Passaggio di proprietà a Il Tirreno

Perfezionata la cessione del giornale Il Tirreno, il closing, come si dice in gergo, è già stato firmato, prima del previsto.

Il venditore, il gruppo editoriale Gedi Network, e il compratore, il neo nato gruppo Sae che ha come socio di riferimento il costruttore della Valdicornia Maurizio Berrighi hanno comunicato giovedì, 15 ottobre, al sindacato nazionale e regionale dei giornalisti (Fnsi e Ast-Associazione Stampa toscana) l’avvenuto passaggio del Tirreno e di altri tre giornali locali, la Gazzetta di Modena, la Gazzetta di Reggio e la Nuova Ferrara. Il valore dell’operazione non è stato reso noto.

La cessione avrà efficacia entro il 31 dicembre 2020. Con l’operazione passano alla nuova proprietà 79 giornalisti del Tirreno (compresi tre contratti a termine), 16 della Gazzetta di Modena, 15 della Gazzetta di Reggio e 15 della Nuova Ferrara, con esclusione – in tutte e quattro le testate – dei direttori.

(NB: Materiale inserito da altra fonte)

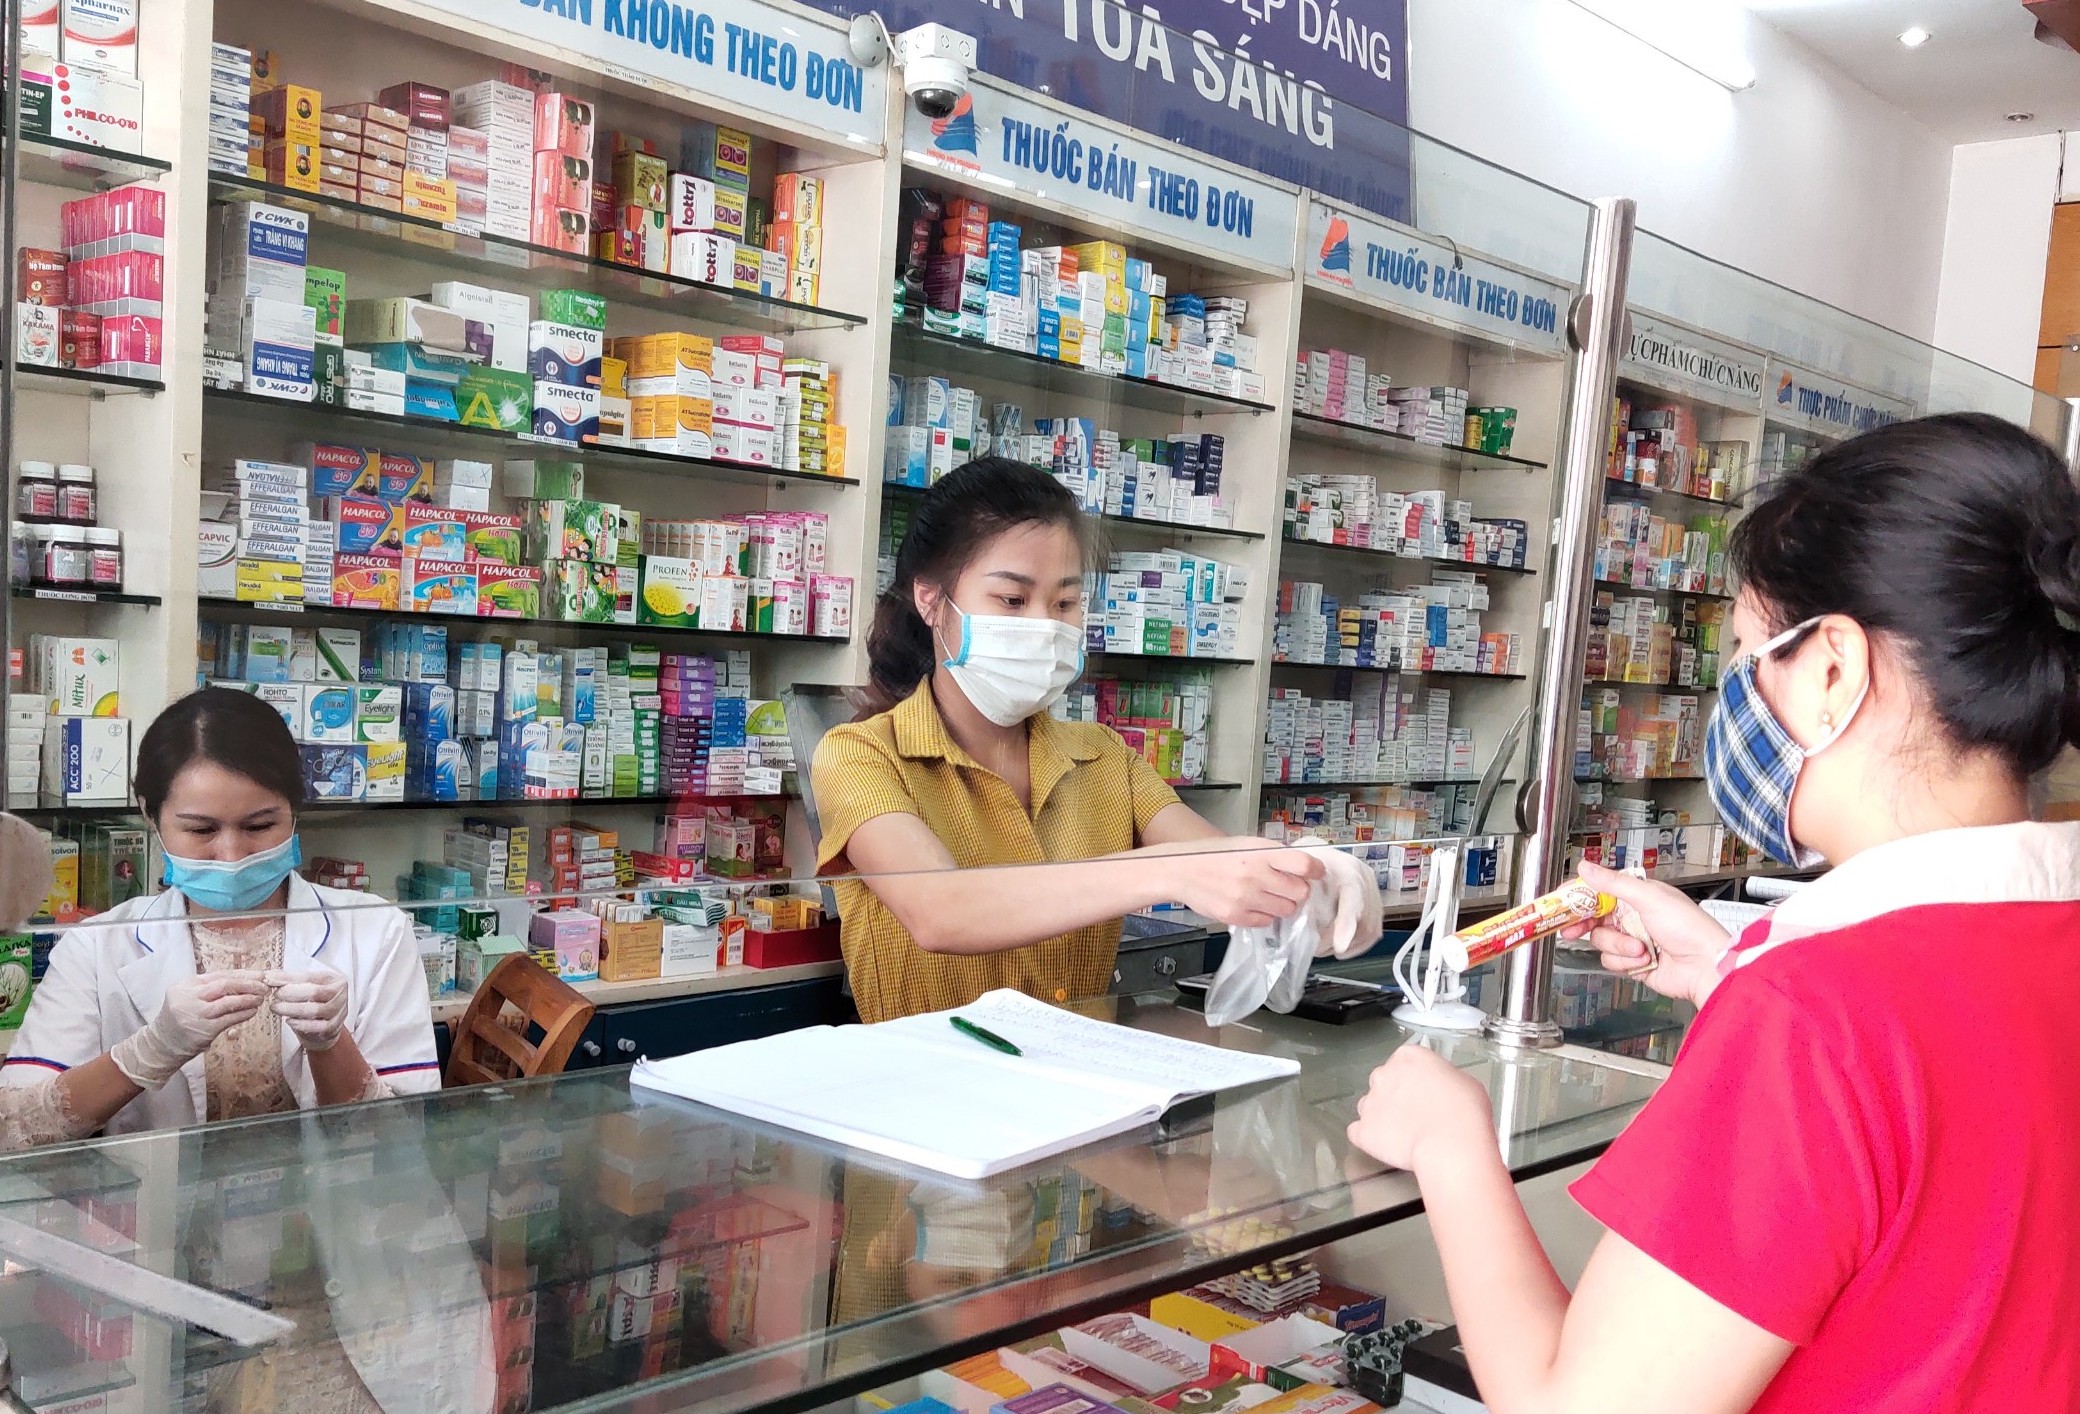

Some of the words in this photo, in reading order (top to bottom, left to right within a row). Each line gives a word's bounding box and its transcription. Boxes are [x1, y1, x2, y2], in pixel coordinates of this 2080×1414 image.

Il gruppo Sae, amministrato da Alberto Leonardis, assicura il mantenimento del contratto di lavoro giornalistico, del trattamento economico e dell’anzianità di servizio. Ma i sindacati, e anche il Governo attraverso il sottosegretario all’editoria Andrea Martella, chiedono garanzie sullo sviluppo e si preparano a incontrare la nuova proprietà.

Martella ha già convocato un tavolo nazionale, l’Associazione stampa toscana ha chiesto al nuovo presidente della Regione, Eugenio Giani, di aprire un tavolo regionale per discutere nel dettaglio la situazione del Tirreno. «Il sindacato non è contrario a nuovi investitori – ha spiegato il presidente dell’Ast, Sandro Bennucci, ieri durante l’assemblea dell’associazione – ma servono garanzie per i lavoratori, per i lettori e per il territorio».